The fastidious hypocrisy of the Pharisees is also illustrated in their tithing. According to the Law of Moses, one tenth of the harvest was to be given to God (usually going to the Priests and Levites (Nu.18:20-24; Dt.14:22-29). The Pharisees would go to the extreme of paying tithes on mint, anise (dill), and cummin (fennel) – three tiny garden herbs grown for their fragrance or as seasoning for food. To pay tithes on these crops was to be scrupulously attentive to detail because a tithe of these small plants was scarcely worth the trouble of removing them from the garden.
Understand, however, that Jesus was not condemning their tithe in this instance. What he was condemning was the leaving undone of the more important matters – omissions of which the Pharisees were guilty.

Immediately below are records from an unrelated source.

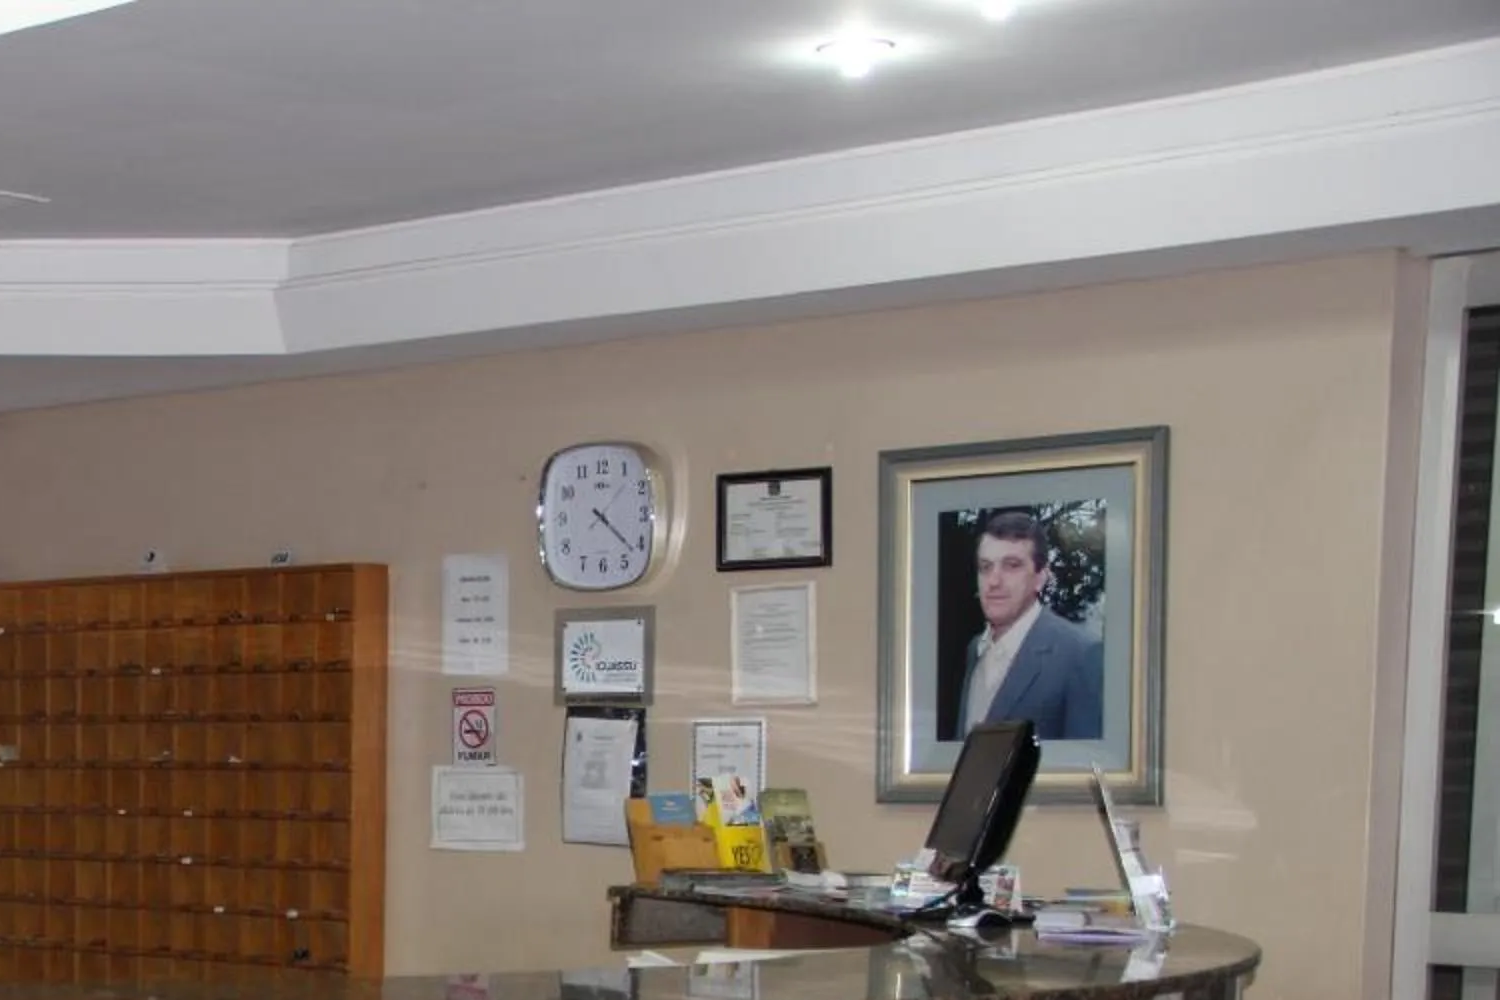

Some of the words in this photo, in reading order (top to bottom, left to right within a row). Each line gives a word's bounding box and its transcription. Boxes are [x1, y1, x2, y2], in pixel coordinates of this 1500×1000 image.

[577, 465, 588, 479] 11
[596, 460, 609, 475] 12
[622, 462, 627, 477] 1
[561, 485, 575, 500] 10
[637, 480, 645, 495] 2
[558, 511, 568, 527] 9
[639, 506, 649, 523] 3
[561, 538, 571, 555] 8
[636, 534, 645, 552] 4
[580, 555, 588, 573] 7
[598, 557, 608, 573] 6
[620, 554, 629, 570] 5

The Pharisees dismissed as needing no attention at all the more important spiritual requirements of the law such as justice (the act of righteously judging our fellow man), mercy (forbearance toward the guilty and compassion for the suffering), and faith (manifesting belief in God through our manner of life).

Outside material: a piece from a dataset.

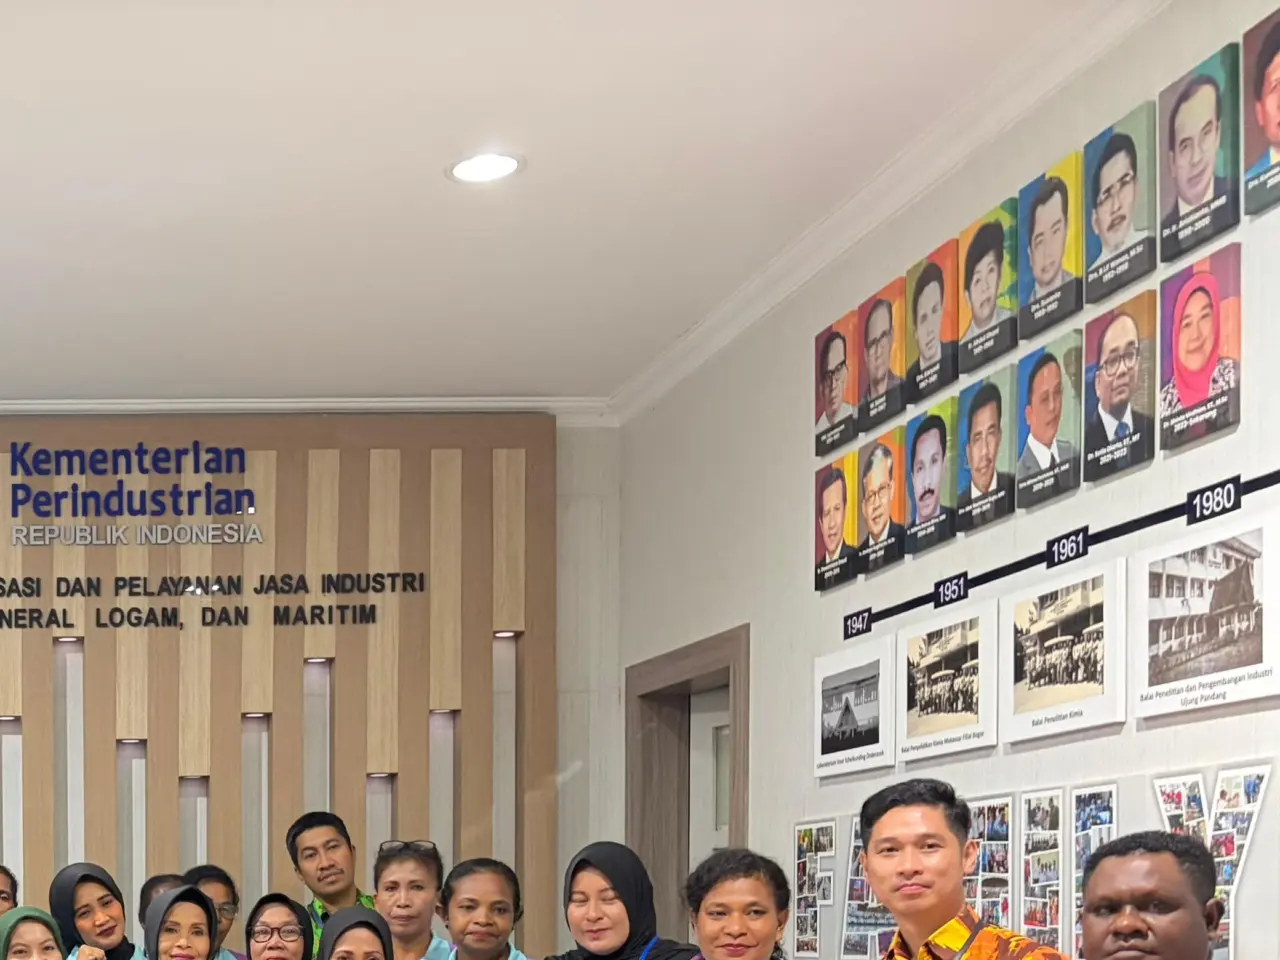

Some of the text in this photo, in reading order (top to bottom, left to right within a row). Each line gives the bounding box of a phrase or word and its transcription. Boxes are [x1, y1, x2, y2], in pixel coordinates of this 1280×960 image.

Lets take the spot light off the Pharisees for a moment now and shine it on ourselves. Could it be that we too are guilty
of the same legalistic attitude which received such a stern rebuke from Jesus? Is it possible that in our enlightened spiritual environment we could be replacing more important matters of the Lord’s work with less important details? It would be the height of religious arrogance to assume that it could not happen to us.
When it comes to justice, for example, are we judging the worth of others based on the details of outward appearance, clothing, social standing or former behavior rather than on the value of their soul and their need for salvation? In John 8:3-12 Jesus encountered a group of these same Pharisees who had taken a woman in the act of adultery. In handling the situation, Jesus did not excuse the woman’s sin of adultery, but insightfully reminded her accusers that they needed to be more concerned about the weightier matter of their own sin before they accused others.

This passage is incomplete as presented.